Mon amant a l'âge de mon père

Le couple fréquentait un club de sport où régulièrement ils rencontraient des gens de tous âges, dont Robert, qui avait la quarantaine bien assumée. Le courant est vite passé entre eux et les rencontres ont été plus fréquentes. Au fil des semaines, Robert s’est senti de plus en plus attiré par Julia et a bien dû reconnaître qu’il en était devenu complètement amoureux. Julia ne s’en rendait pas compte, mais quand une amie commune lui a ouvert les yeux, cette révélation lui a fait l’effet d’une bombe. Tout dans la personnalité de Robert représentait l’homme accompli, rassurant, mûr et expérimenté. Le petit monde bien sage de Julia lui a paru subitement étriqué et les affres de la passion l’ont précipitée dans les bras solides de cet homme qui n’attendait que ça.

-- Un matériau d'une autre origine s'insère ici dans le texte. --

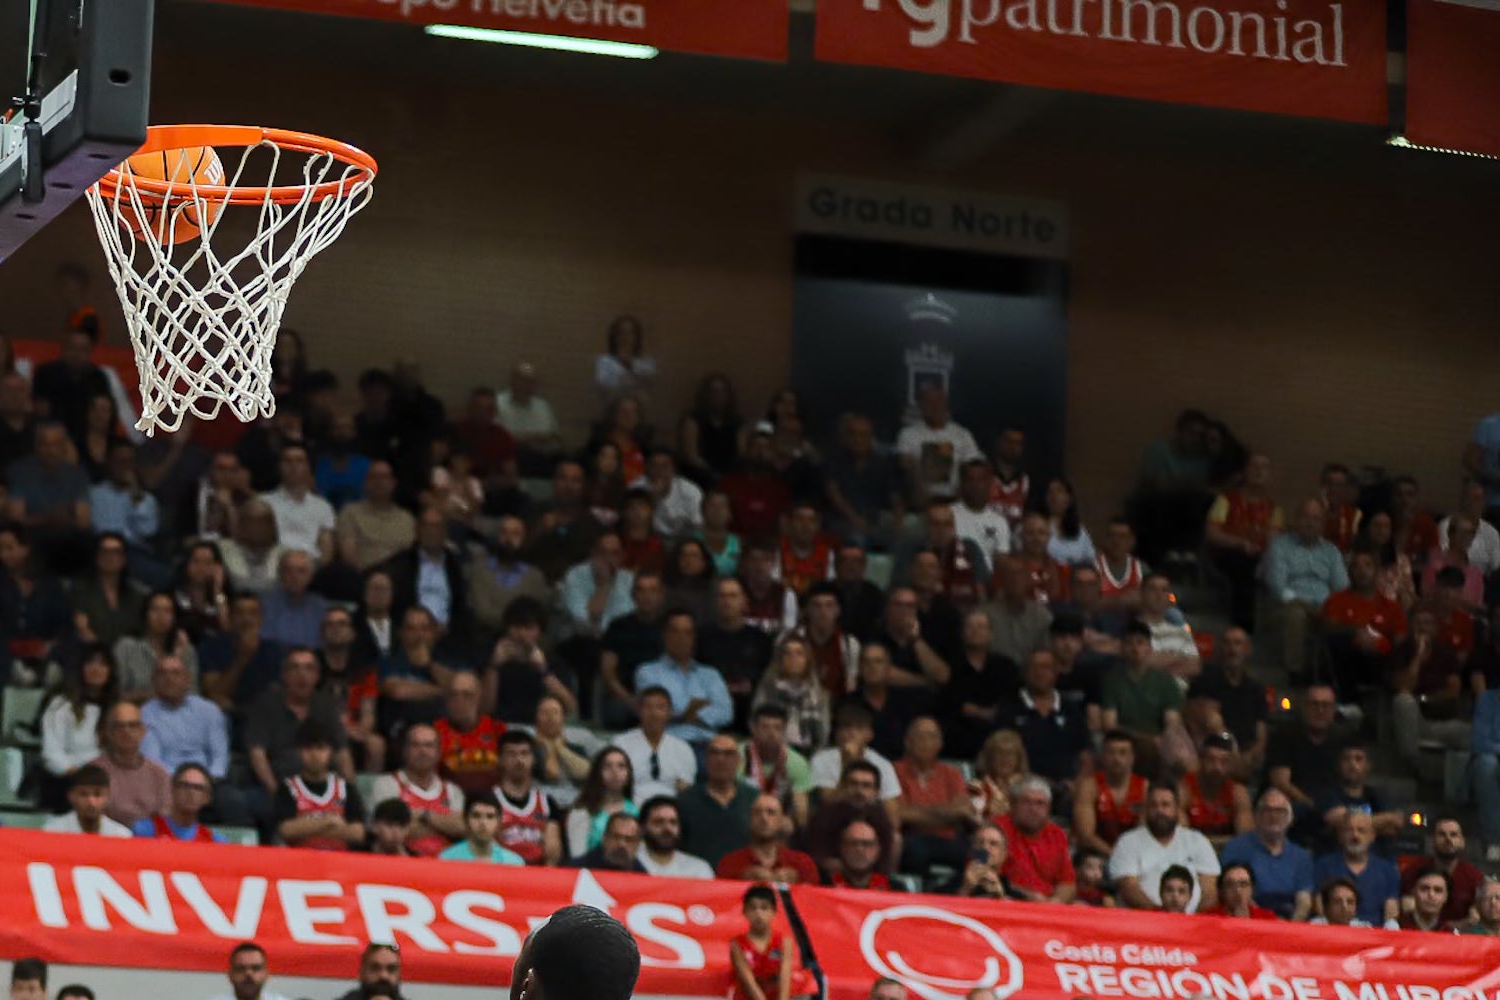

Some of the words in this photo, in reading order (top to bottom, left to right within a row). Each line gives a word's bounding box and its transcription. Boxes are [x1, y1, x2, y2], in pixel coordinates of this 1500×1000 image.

[807, 187, 932, 229] Grada
[951, 204, 1056, 242] Norte
[1044, 939, 1117, 963] Costa
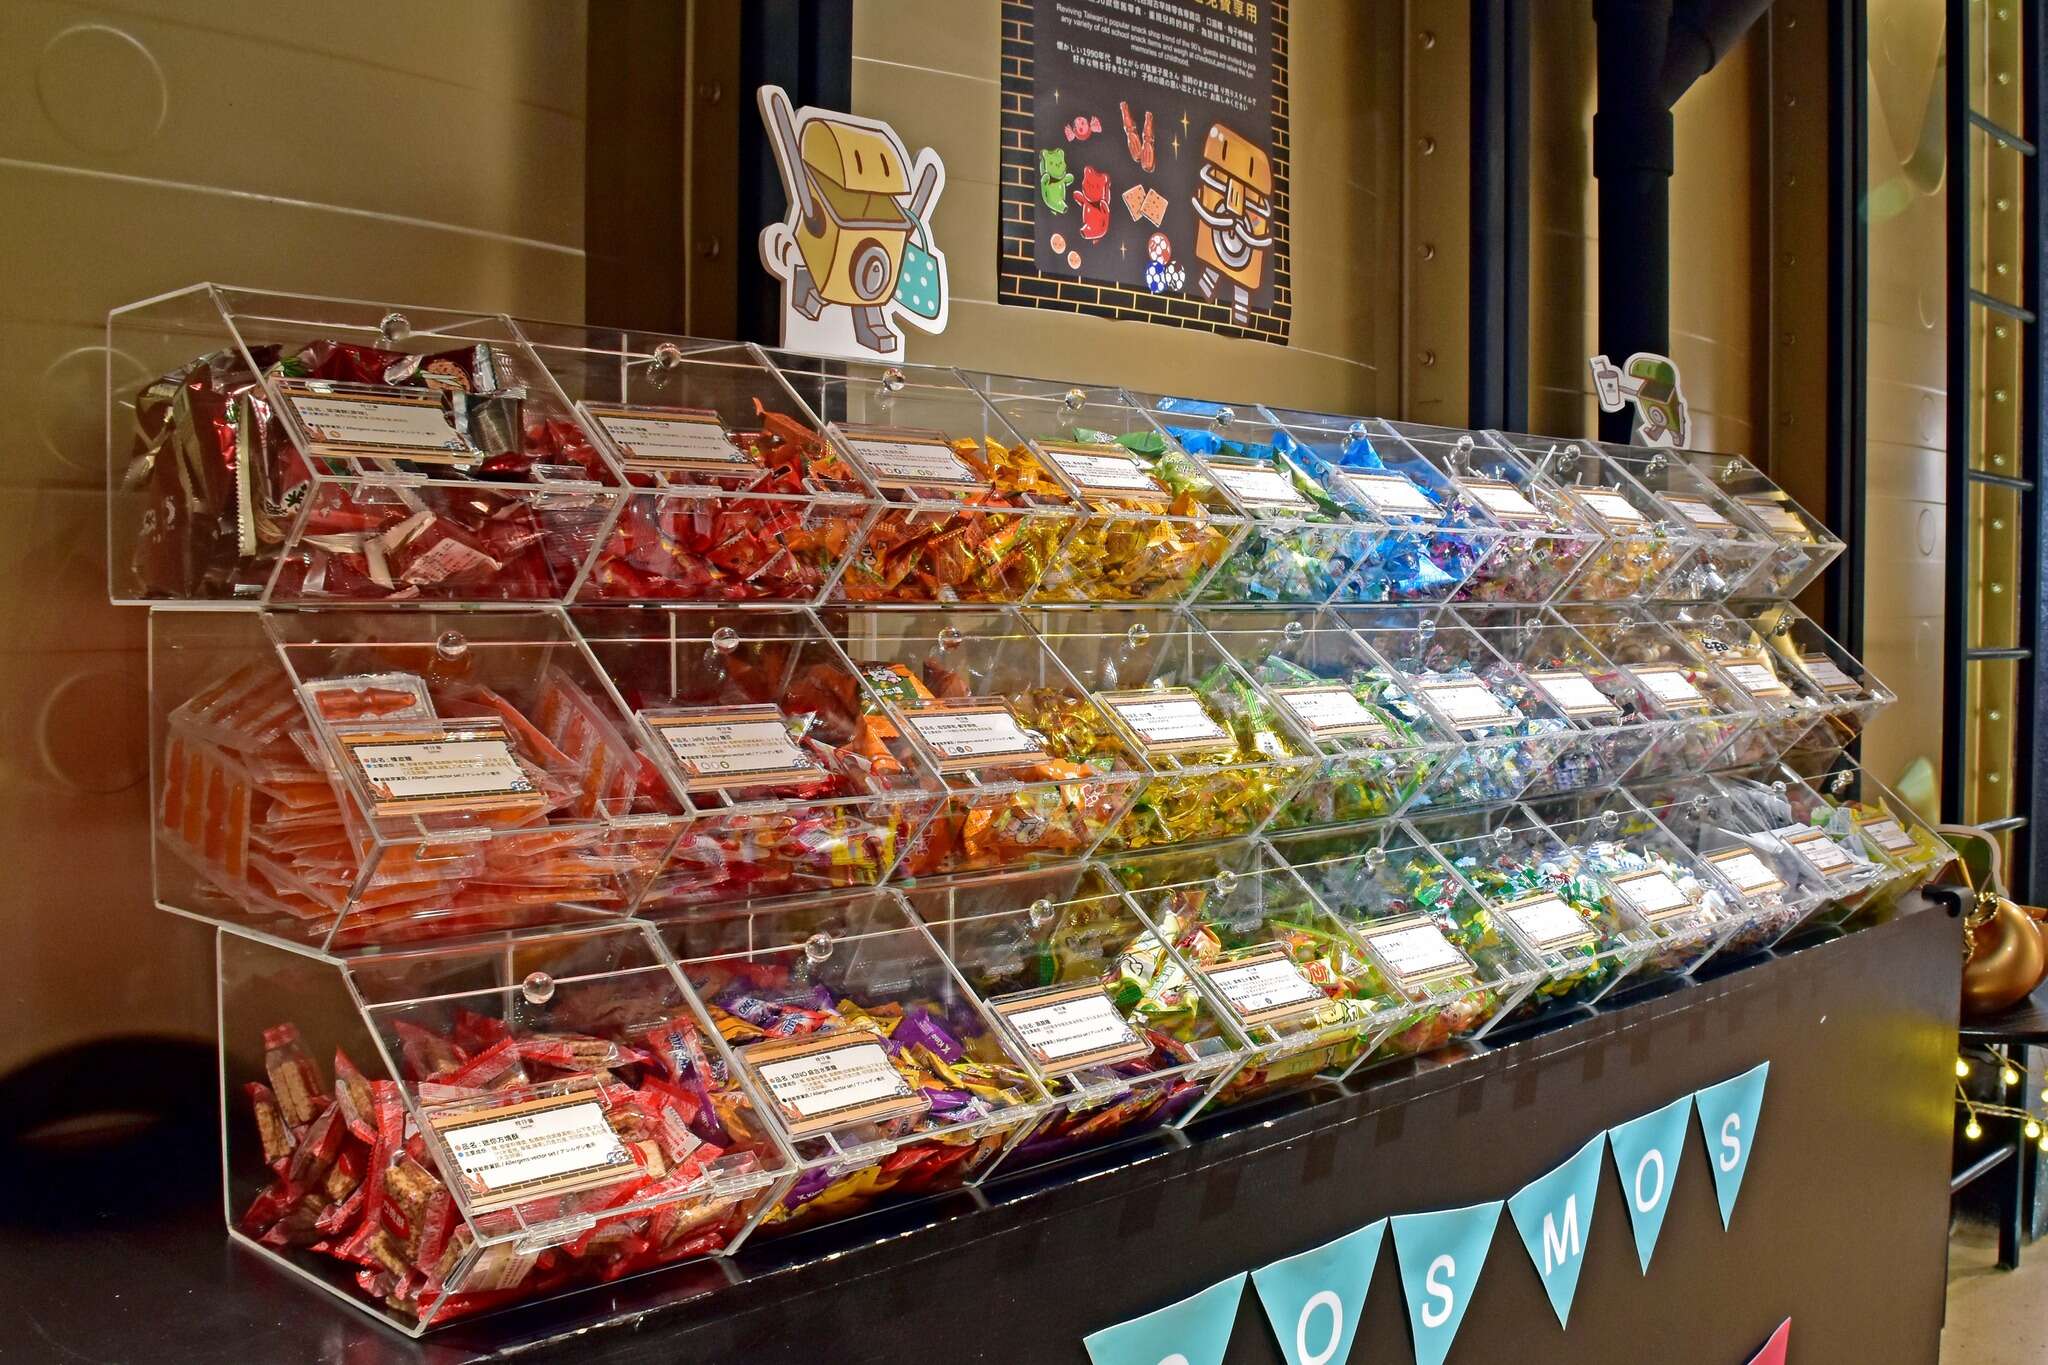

Dès lors, Julia est entrée dans l’excitation de la double vie : officielle et sereine avec Alan, clandestine et passionnelle avec Robert. Contrairement à toutes les idées qu’elle avait sur la morale et l’honnêteté, cette situation ne lui paraissait pas difficile à vivre. Elle se sentait heureuse des deux côtés et s’organisait de manière à ne pas devoir véritablement mentir. Pas de questionnement torturant, pas de réflexion morale, pas de perception des risques quant à son avenir ou la construction d’une famille. Elle ne se posait pas la question de savoir ce qui se passait dans la tête d’un homme qui choisissait de vivre une relation adultère avec une jeune fille de l’âge de la sienne, à laquelle il n’offrait aucun avenir. La passion de la relation œdipienne les aveuglait, tout occupés qu’ils étaient à vivre secrètement le plaisir de ces moments aussi intenses que rares. Robert pimentait ses semaines d’homme d’affaires surchargé et équilibrait par la même occasion une vie conjugale amicale mais sexuellement éteinte. Il invitait Julia dans des restaurants raffinés, lui demandait de l’accompagner en voyage d’affaires qu’il allégeait ainsi par la présence de sa jeune maîtresse et leurs ébats dans des hôtels discrets. Il était heureux, elle était fascinée, ils étaient amoureux… Ni l’un, ni l’autre ne se préoccupait du caractère évidemment déséquilibré de cette relation, à savoir que Julia était à l’aube de sa vie d’adulte et avait encore tout à construire.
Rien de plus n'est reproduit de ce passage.